Profile

I grew up in Israel, where I worked as an engineer, specialising in robotics and autonomous systems for some years before I fell in love with brain research during my doctorate. I came to Oxford a couple of years ago with my family. I love visiting new places and walking in the countryside, and dream about learning how to sail after Covid!

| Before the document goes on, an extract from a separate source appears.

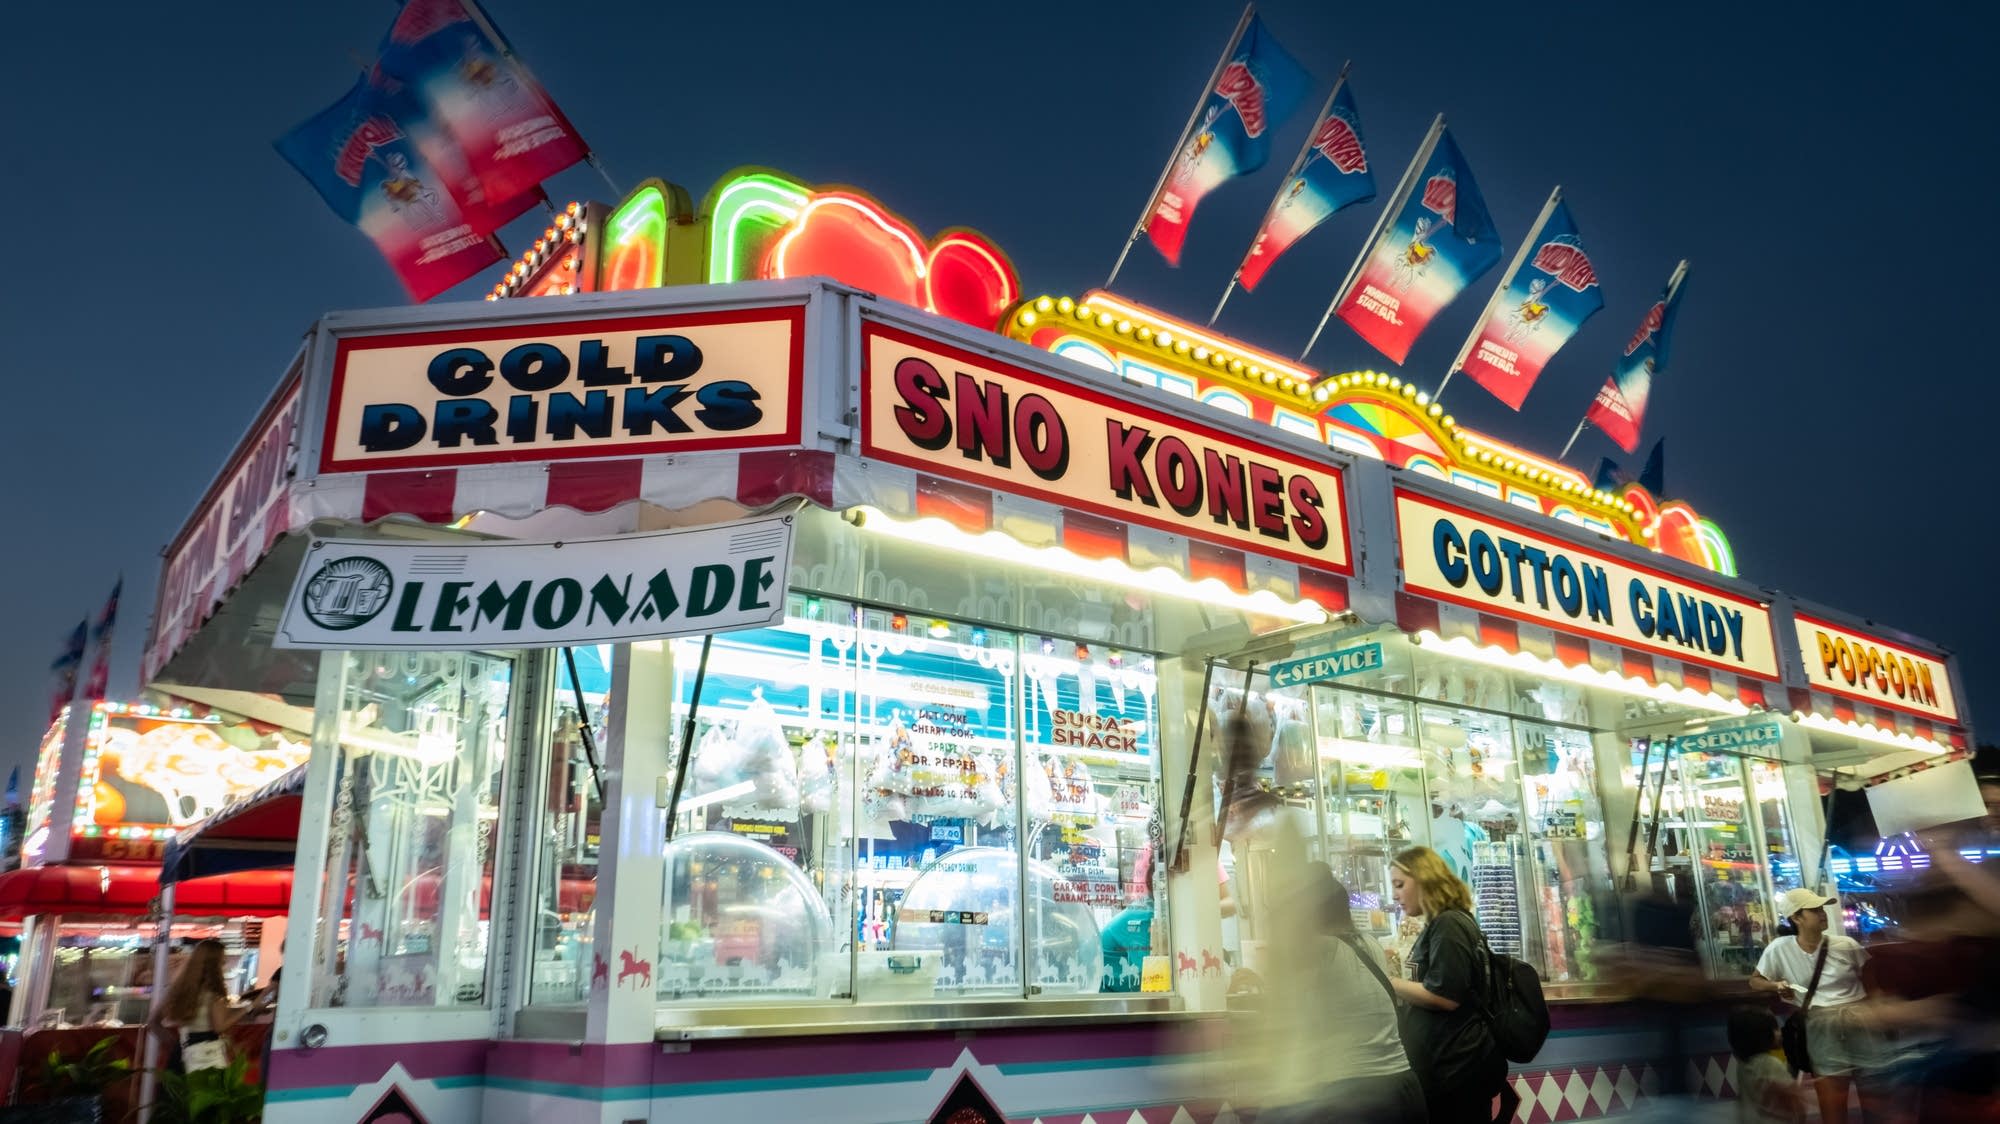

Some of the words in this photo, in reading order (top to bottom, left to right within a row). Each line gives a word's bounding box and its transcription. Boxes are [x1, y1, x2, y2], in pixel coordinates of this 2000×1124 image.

Parkinson’s disease is a debilitating condition with severe motor symptoms. In my research, I am investigating the encoding of movement by different cells in the basal ganglia, a group of brain regions most affected in Parkinson’s disease, and how such encoding is disturbed. One of the hallmarks of Parkinson’s disease is the accumulation of protein aggregates, called Lewy Bodies, in dopamine-producing cells within specific brain regions. These dopamine-producing cells play a major role in a variety of behaviours, from motor control to action selection and motivation. Importantly, the motor symptoms of Parkinson’s disease are thought to be caused by the malfunction and degeneration of these cells. Although Lewy bodies are clearly relevant for Parkinson’s disease, it is not clear how they affect the health and functions of nerve cells is controversial; they might damage and kill cells or they might help protect cells from excessive abnormal proteins.

If we are to understand what Lewy bodies do, and whether, or how we should target them for therapies, we must first define the effects of Lewy bodies on the electrical and chemical signalling of living neurons in the whole brain. The goal of my research is to explore how Lewy body-like aggregates alter the electrical activity of dopamine-producing neurons in the whole brain, and their ability to release dopamine, before widespread cell death.

To achieve that, I use a mouse model that accurately mimics the form of Lewy Bodies. I measure how Lewy body-like aggregates affect the activity, structure and chemical messaging of dopamine-producing brain cells that are especially vulnerable in Parkinson’s disease.

Each morning I take my daughter to school, then return to my home office to check my emails, plan the day, and update the designs for my experimental setup. When those are finished, I head to the lab to have the new parts 3d-printed, so I can start using them tomorrow. I then go upstairs to the animal house, check on the welfare of my mice, and turn on my equipment. Today’s main experiment is to record the dopamine signals in a mouse brain while it runs on a treadmill. I gently handle one of my trained mice, put it on the treadmill, and connect a couple of optical fibres to implants in its brain. I let it run as much as it wants for an hour, then put it back with its cagemate. After I tidy up, I return to the lab space, where I discuss with my colleagues the concentrations of a new antibody we use to reveal specific proteins that interest us in the brain. I then proceed to put these antibodies in a couple of vials with brain slices, and tomorrow they will be ready for imaging in the microscope. The end of the day came so quickly, I’d better walk home quickly to be on time for a bedtime story.